Future investigation may also focus on exploring the factors that impact various growth rates for participants, and the interaction effects among the six goals that contribute to participants’ growth. For example, preliminary findings show that the growth rate for maternal substance use and family housing synchronized, as did the growth rate for positive parenting and child health. More specific hypotheses could be explored and investigated in future studies including how the role of staff retention and inter-agency community support impact participants’ overall success.

Implications/Conclusion

The prenatal and postpartum period is critical to optimal human development. Mothers with substance use often have extensive trauma histories. The TIES Program is designed to interrupt the intergenerational transfer of trauma and toxic stress from substance-using mothers to their newborns. Enriched early life mother/baby relationships and safe home environments are known to play a powerful role in setting a trajectory toward positive physical and mental health across the lifespan. Interventions in the TIES model focus on modifiable factors related to trauma and disadvantage which are prevalent in the family histories of participants (Traub and Boynton-Jarrett 2017). This two-role model integrates the expertise of a masters level social worker focused on building a strong therapeutic home-based family support specialist/participant relationship with an equally expert parenting specialist focused on the mother/baby relationship.
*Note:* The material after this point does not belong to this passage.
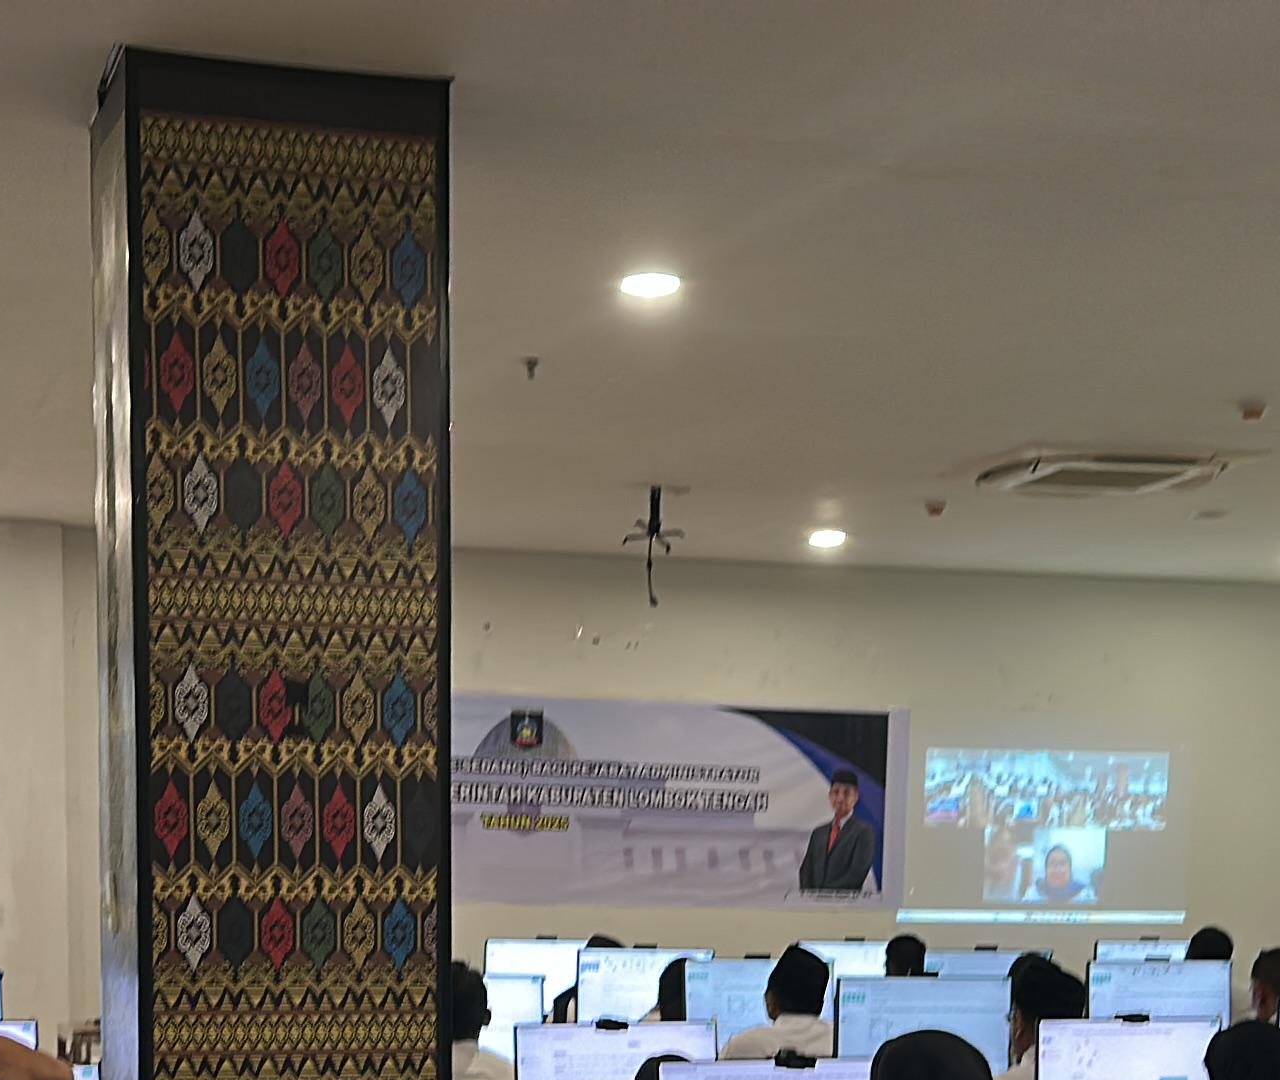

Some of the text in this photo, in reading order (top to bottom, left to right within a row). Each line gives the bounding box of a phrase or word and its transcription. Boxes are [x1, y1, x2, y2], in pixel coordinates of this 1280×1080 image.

[526, 784, 625, 808] KABUPATEN
[628, 787, 703, 810] LOMBOK
[480, 812, 532, 830] TAHUN
This innovative approach supports the unique needs of mothers in recovery and the critical mother/baby relationship simultaneously. The TIES Program aims to address root causes of health inequity that often lead to poor physical and mental health outcomes and substance use. The retention and completion rates of TIES participants are the result of a highly skilled social work and parenting provider team, strong community partnerships, well-vetted resources, mutually valued therapeutic relationships of mothers/providers, and enhanced parenting support. Just as physical health needs sometimes require an accurate dose of a specific prescription medication to help individuals heal, TIES participants require an accurate and specific dose of supportive intervention delivered at the right time, in the right place, by the right method to support their recovery and healing. Every TIES home visit is an opportunity to deliver a dose of supportive intervention and encouragement. Participants and their TIES specialists share a belief that success is possible.